Problem description:
Reproduce the records without their pictures, keeping every word as it is.

Referring expression grounding data:
════════════════
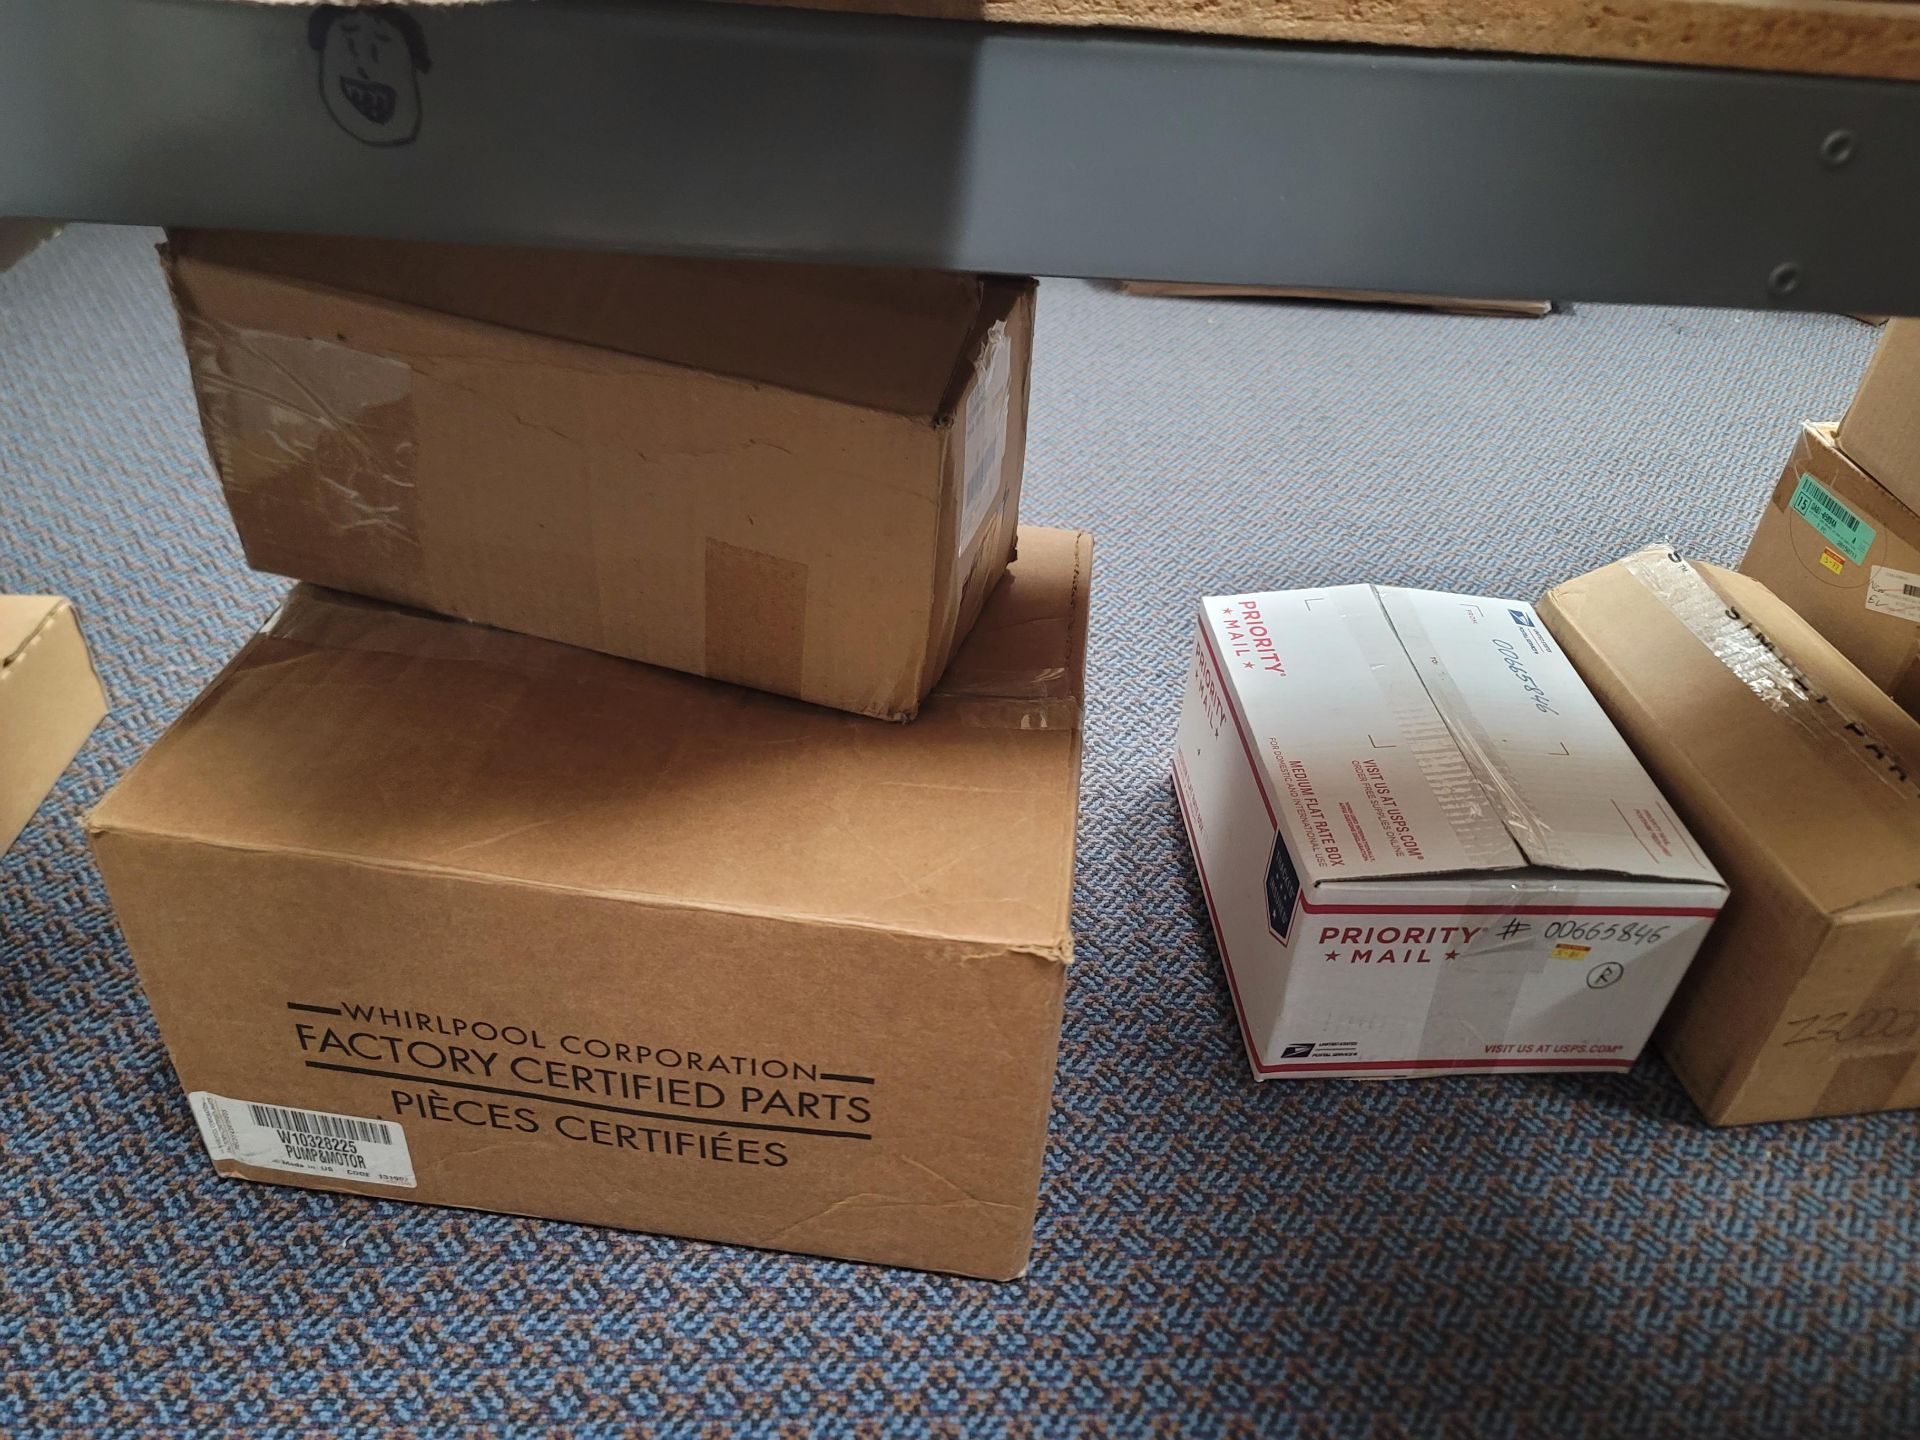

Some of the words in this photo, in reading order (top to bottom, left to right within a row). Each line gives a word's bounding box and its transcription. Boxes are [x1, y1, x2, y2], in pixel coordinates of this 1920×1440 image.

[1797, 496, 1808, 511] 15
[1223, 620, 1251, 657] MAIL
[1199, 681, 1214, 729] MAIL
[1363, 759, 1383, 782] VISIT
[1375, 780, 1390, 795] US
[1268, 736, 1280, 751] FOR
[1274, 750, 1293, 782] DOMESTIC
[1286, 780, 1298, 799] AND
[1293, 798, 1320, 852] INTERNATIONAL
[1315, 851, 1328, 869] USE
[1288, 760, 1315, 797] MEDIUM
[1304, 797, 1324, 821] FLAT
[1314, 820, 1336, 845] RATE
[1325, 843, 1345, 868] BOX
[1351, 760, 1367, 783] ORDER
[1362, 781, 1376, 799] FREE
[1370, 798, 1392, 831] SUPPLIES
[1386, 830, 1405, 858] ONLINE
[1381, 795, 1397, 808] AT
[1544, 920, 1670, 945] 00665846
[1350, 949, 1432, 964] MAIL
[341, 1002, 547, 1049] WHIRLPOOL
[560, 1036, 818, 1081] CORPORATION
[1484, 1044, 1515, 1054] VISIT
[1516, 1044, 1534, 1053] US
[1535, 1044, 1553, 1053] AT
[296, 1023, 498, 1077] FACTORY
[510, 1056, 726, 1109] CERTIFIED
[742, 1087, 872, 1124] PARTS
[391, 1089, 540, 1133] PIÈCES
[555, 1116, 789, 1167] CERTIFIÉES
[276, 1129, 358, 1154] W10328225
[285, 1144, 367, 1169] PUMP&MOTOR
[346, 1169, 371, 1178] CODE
════════════════
Task answer:
Some of the words in this photo, in reading order (top to bottom, left to right within a row). Each line gives a word's bounding box and its transcription. Boxes are [x1, y1, x2, y2], in pixel coordinates of this 1920×1440 image.

[1797, 496, 1808, 511] 15
[1223, 620, 1251, 657] MAIL
[1199, 681, 1214, 729] MAIL
[1363, 759, 1383, 782] VISIT
[1375, 780, 1390, 795] US
[1268, 736, 1280, 751] FOR
[1274, 750, 1293, 782] DOMESTIC
[1286, 780, 1298, 799] AND
[1293, 798, 1320, 852] INTERNATIONAL
[1315, 851, 1328, 869] USE
[1288, 760, 1315, 797] MEDIUM
[1304, 797, 1324, 821] FLAT
[1314, 820, 1336, 845] RATE
[1325, 843, 1345, 868] BOX
[1351, 760, 1367, 783] ORDER
[1362, 781, 1376, 799] FREE
[1370, 798, 1392, 831] SUPPLIES
[1386, 830, 1405, 858] ONLINE
[1381, 795, 1397, 808] AT
[1544, 920, 1670, 945] 00665846
[1350, 949, 1432, 964] MAIL
[341, 1002, 547, 1049] WHIRLPOOL
[560, 1036, 818, 1081] CORPORATION
[1484, 1044, 1515, 1054] VISIT
[1516, 1044, 1534, 1053] US
[1535, 1044, 1553, 1053] AT
[296, 1023, 498, 1077] FACTORY
[510, 1056, 726, 1109] CERTIFIED
[742, 1087, 872, 1124] PARTS
[391, 1089, 540, 1133] PIÈCES
[555, 1116, 789, 1167] CERTIFIÉES
[276, 1129, 358, 1154] W10328225
[285, 1144, 367, 1169] PUMP&MOTOR
[346, 1169, 371, 1178] CODE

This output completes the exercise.